I suggested them to use the excellent
latexdiff.pl to compare their individual separate drafts against the final manuscript to be submitted. Sure enough, there are highlighting and change-bars in the text as per the desired style and this works great.
But I am partially colour-blind and my eyes take a bit of stress to look at a document full of colours in the text (63 double-column pages in the manuscript for a very theoretical work). Even though the manual says "red" and "blue" as default, I still have an overall problem with colours, especially in body-copy text. (A one-off splash of colour such as in headings or figures works absolutely fine though.)
For a high-level overview of who contributed what fraction of the text (we already know that the intellectual contribution is roughly equal and that the figure generation task was split evenly among the authors), it is really helpful if an accessible solution of some metric like "a boxed value indicating the percentage change on the margin notes for each paragraph". is available.
It is not only for the authorship of the paper, it is also for the correct inclusion of the section where they contributed the most to the explanation of a concept, for reuse in their respective theses (contribution being defined as a combination of text, equations and figures). In these sections, the other party will be acknowledged throughout the text as the helper and vice-versa in their respective theses. This will help both to steer clear of plagiarism accusations by the other in the future.
Obviously, I could ask for a feature enhacement to latexdiff.pl .But given the number of pending issues in that github repository and the time it might take to implement this, I wonder if someone here could help to hack together some rudimentary form of accessibility-friendly metric per paragraph given two files
new.tex? Any pdftex or luatex solution will be much appreciated.
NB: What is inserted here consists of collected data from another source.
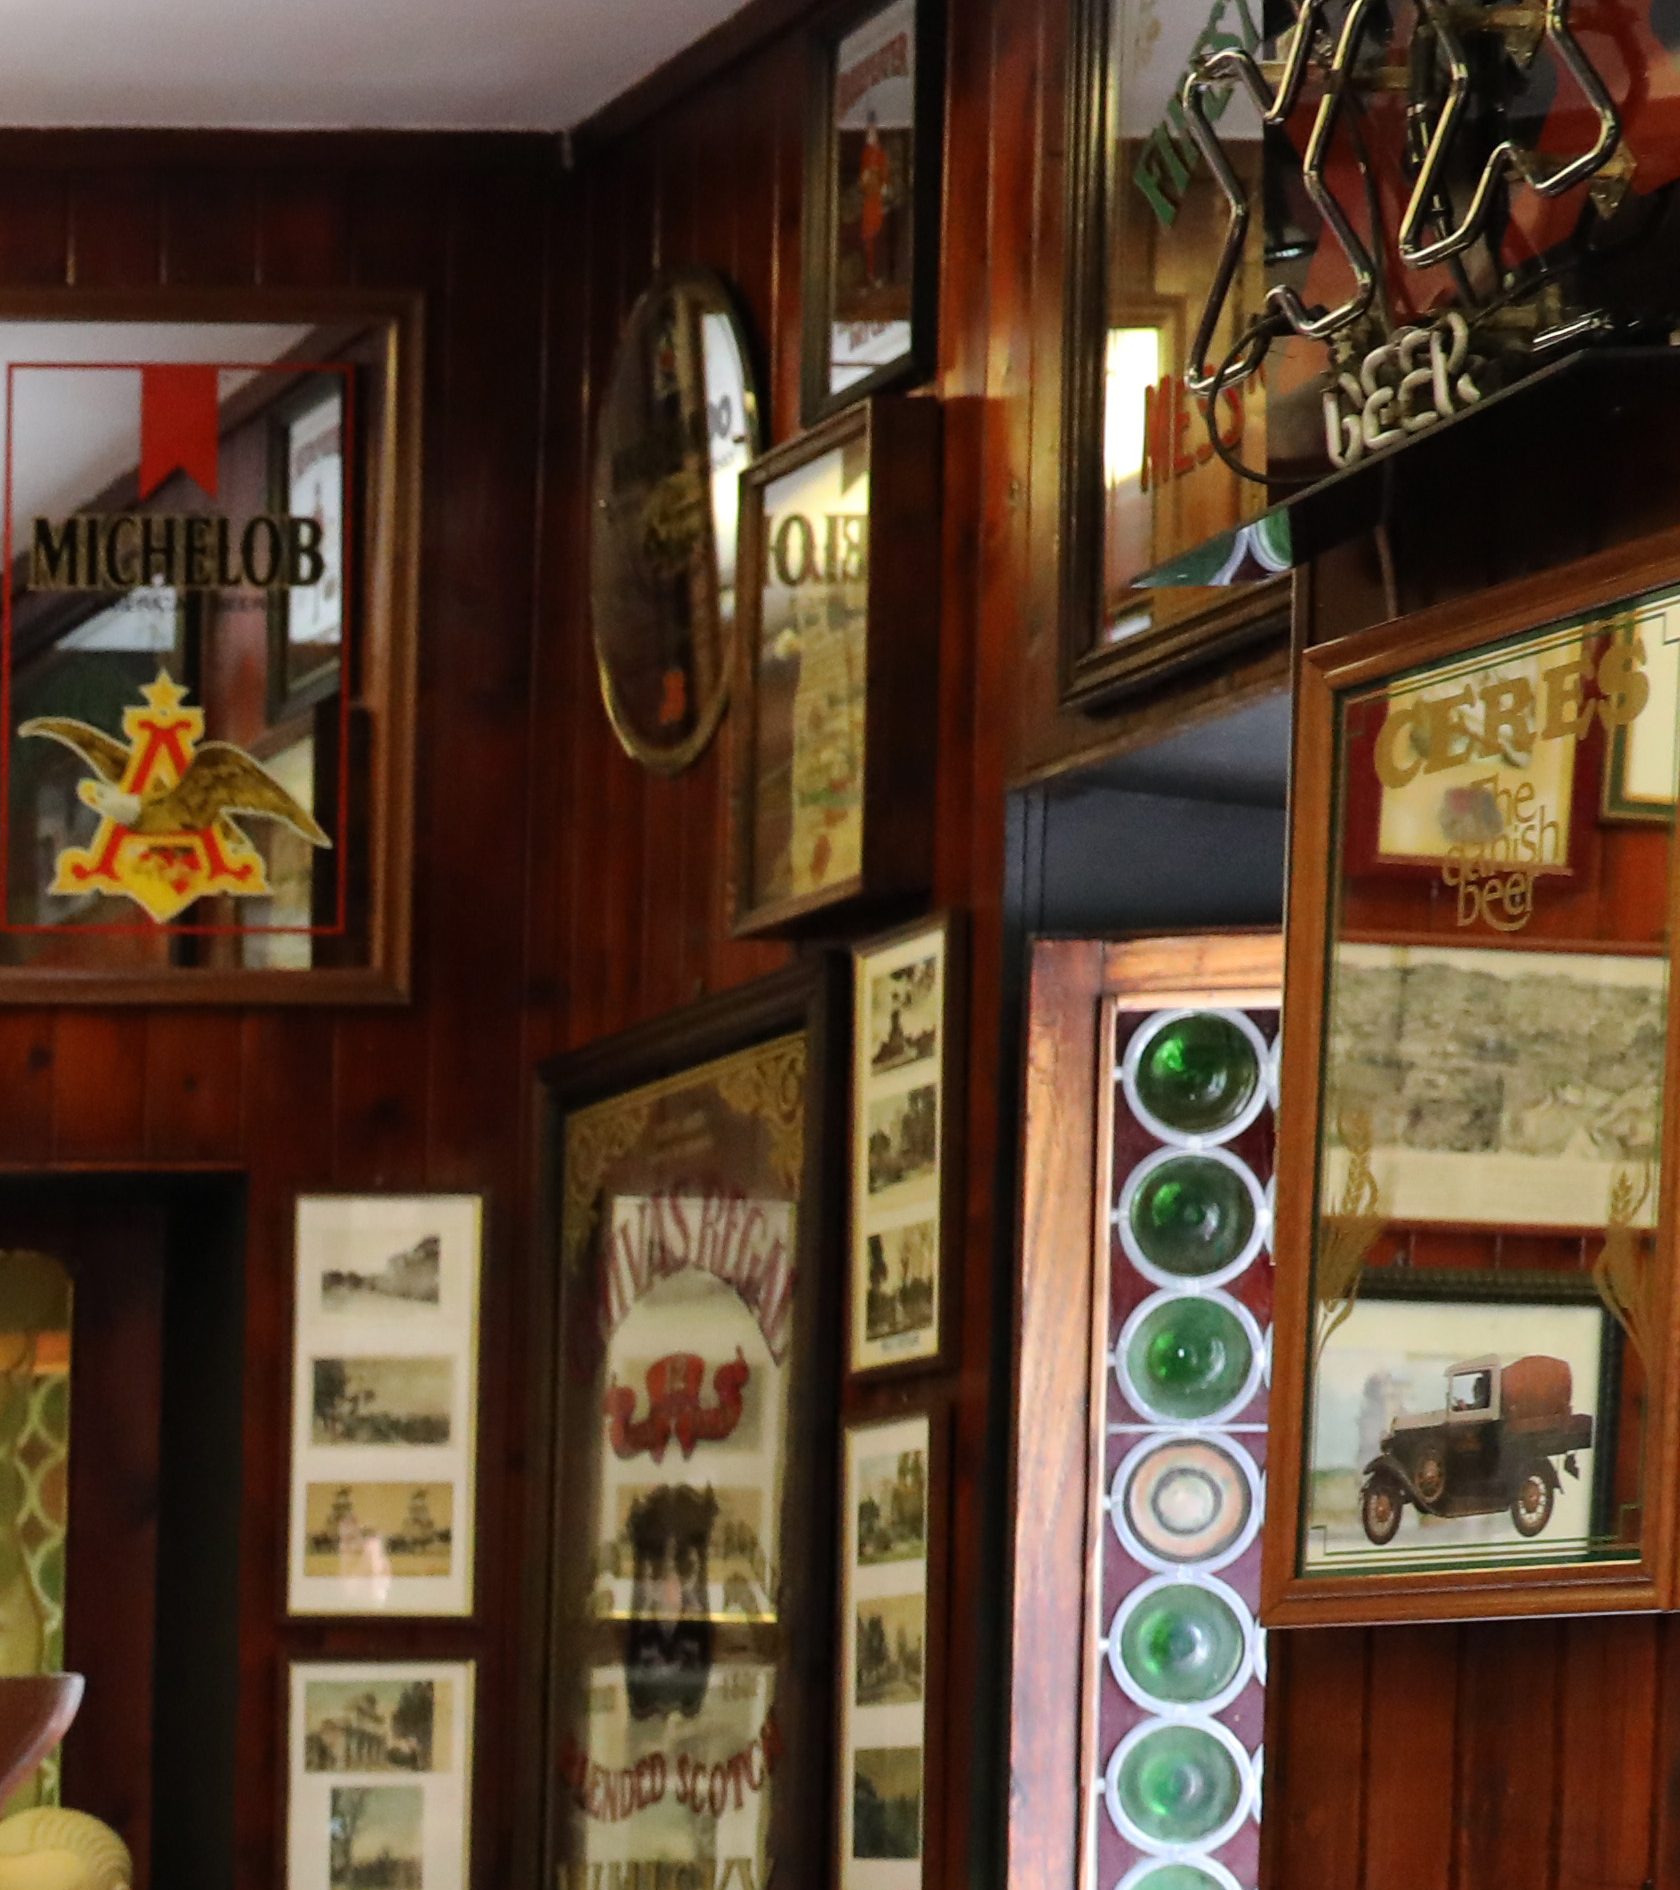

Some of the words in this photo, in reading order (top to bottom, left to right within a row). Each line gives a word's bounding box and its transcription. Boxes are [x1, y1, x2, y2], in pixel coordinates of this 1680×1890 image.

[27, 512, 326, 590] MICHELOB
[1373, 632, 1650, 790] CERES
[1456, 871, 1535, 933] beer
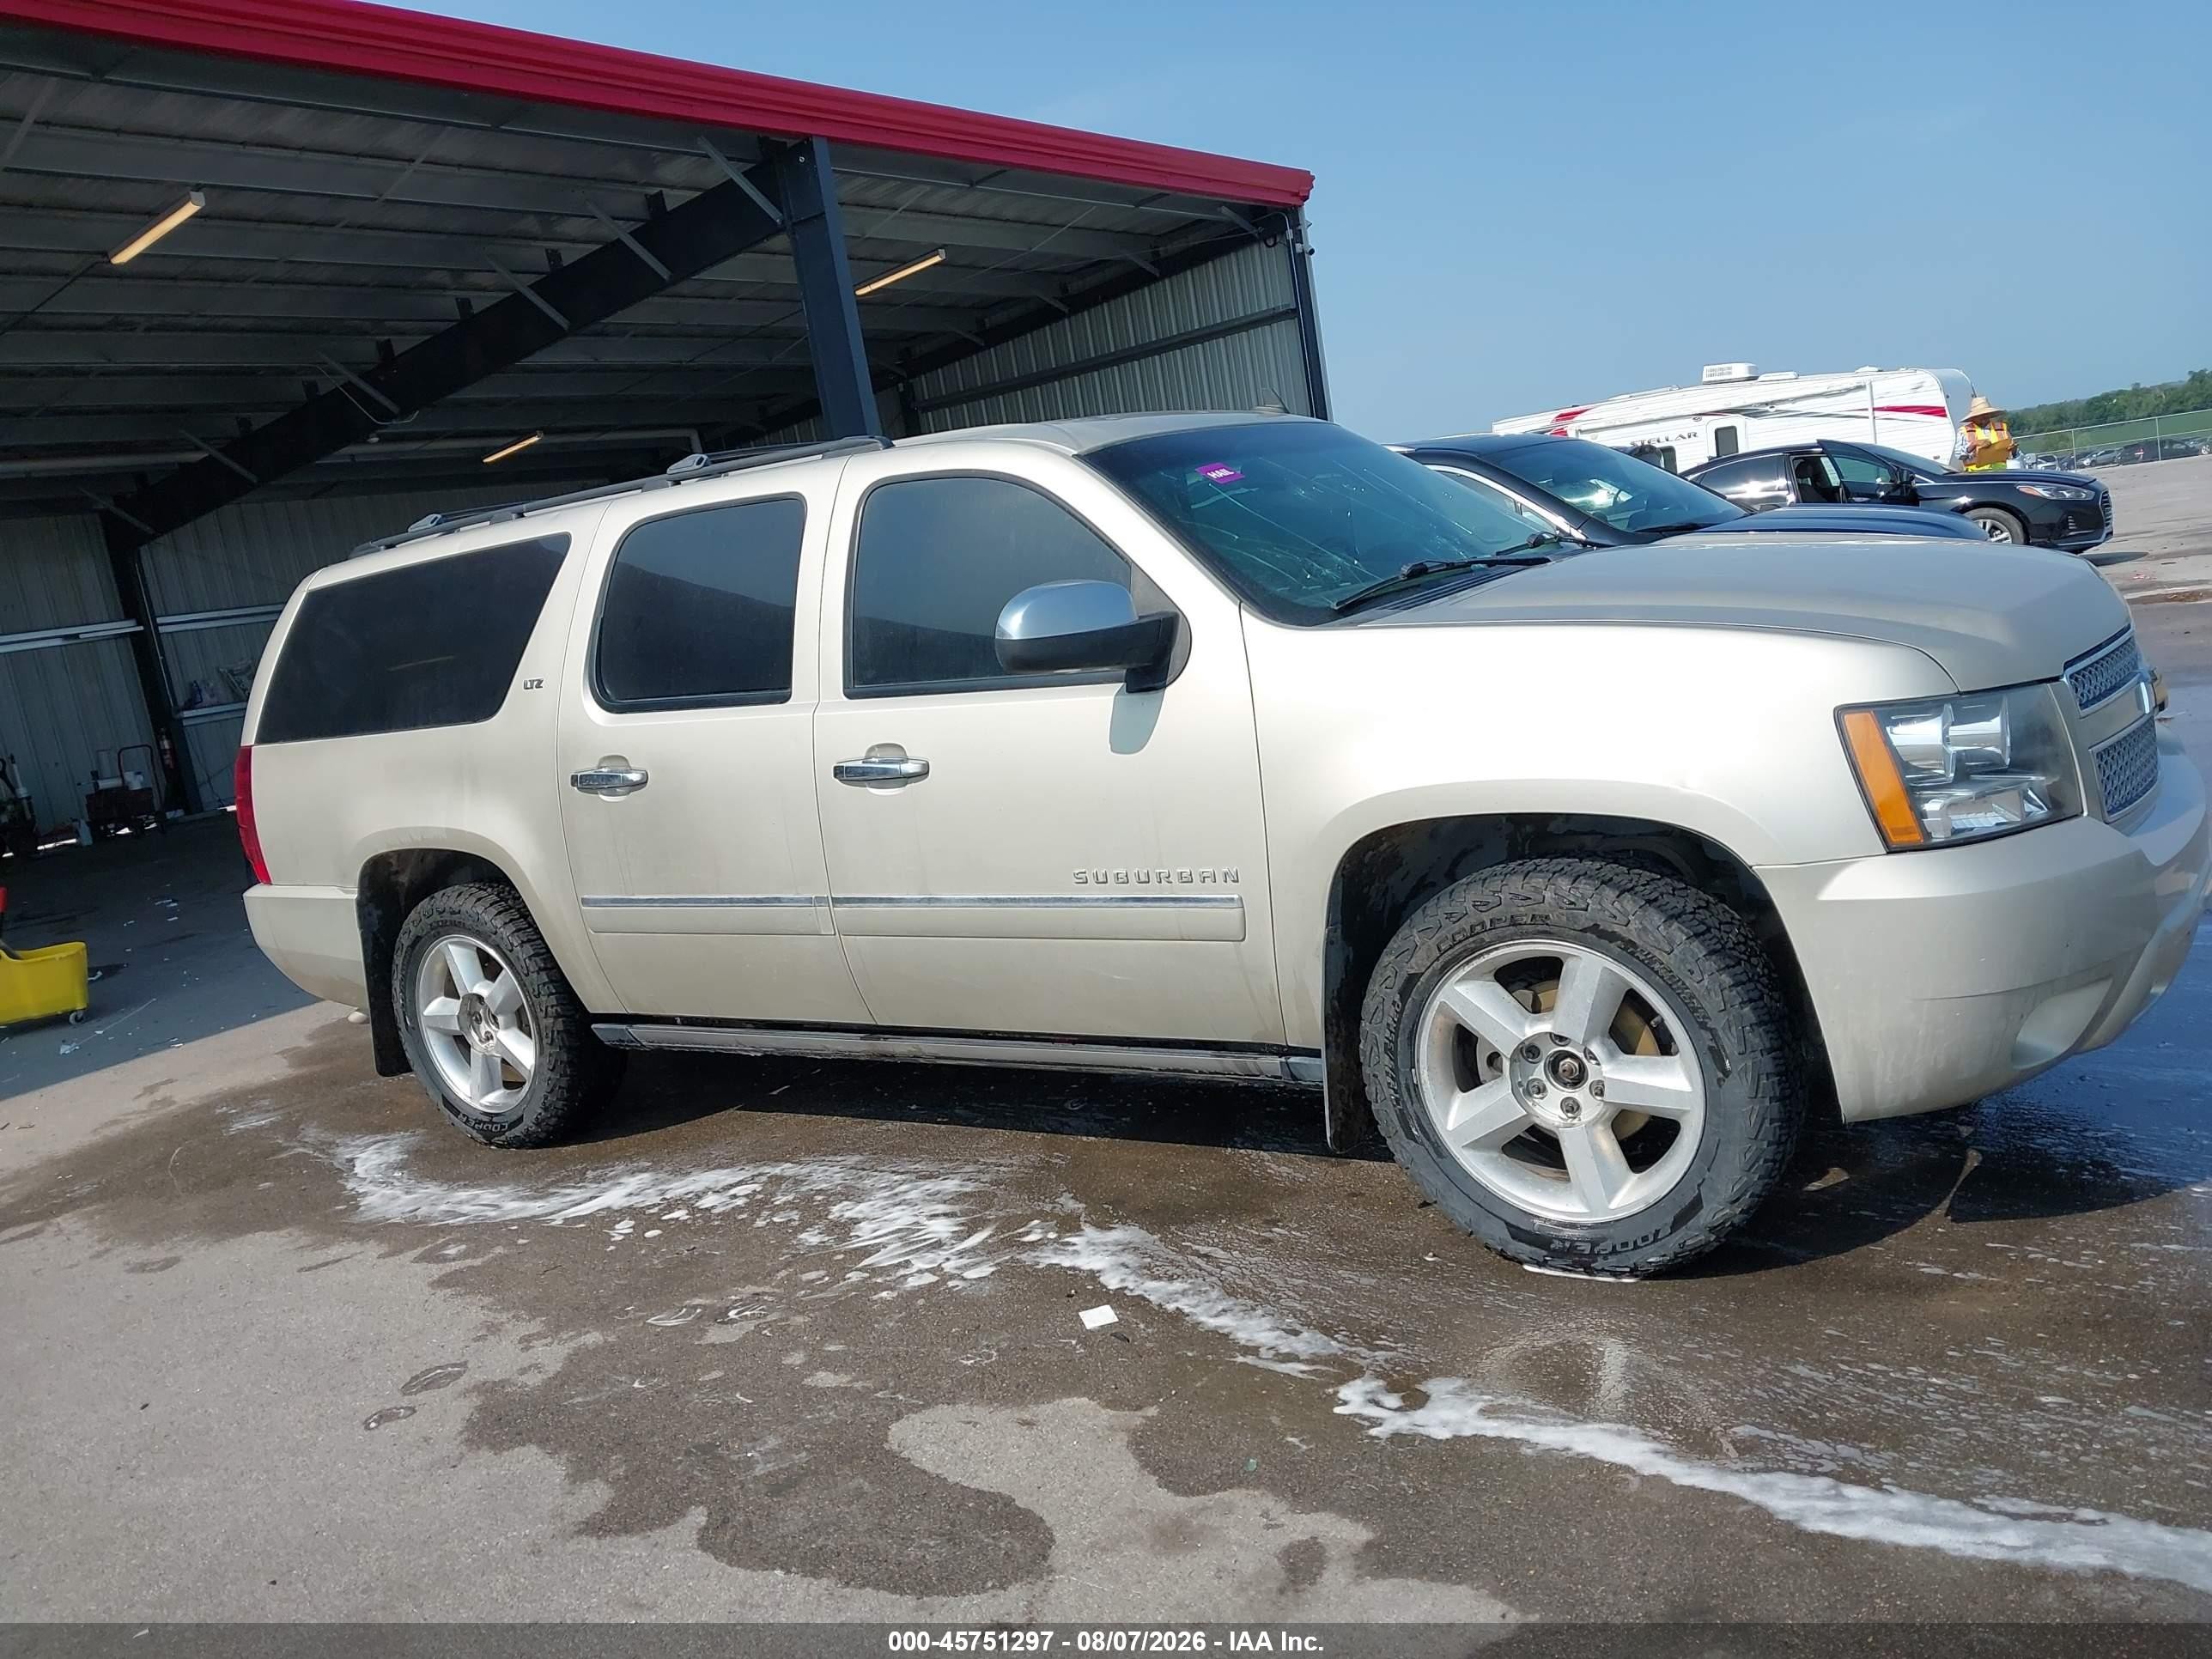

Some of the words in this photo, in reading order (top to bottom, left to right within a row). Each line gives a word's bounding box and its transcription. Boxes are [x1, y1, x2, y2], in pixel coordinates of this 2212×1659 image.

[1630, 432, 1698, 447] STELLAR
[523, 678, 544, 690] LTZ
[1073, 867, 1240, 884] SUBURBAN
[1436, 913, 1551, 952] COOPER
[458, 1113, 508, 1132] COOPER
I think this could benefit the community as a whole, even non colour-blind people. A quick overview of changes between two documents can help, e.g. 1) a PhD supervisor looking through changes between drafts of a student, 2) even for those using version control systems can benefit (git and other unix diff tools use typically line-based diffs and don't do very well in prose contexts. Even if using the --color-words option, they are all source-based (and well, colour!)). Nothing simple exists on the typeset document side of things.
PS: I know there are other non-colourful styles possible in the output of
latexdiff. But the word-by-word presentation is too dense, filling the whole document with meta-information and footnotes to the point of being unreadable. I am looking for something more simplistic, i.e. a single metric. This will help me to focus on those paragraphs with the highest number of changes and judge the merit of those changes and seems to be a better strategy from a time-effectiveness perspective.
PS: I just noticed the announcement on the TeX community's accessibility workshop on 20/July/2018 - the next day of this question being posted. What a coincidence!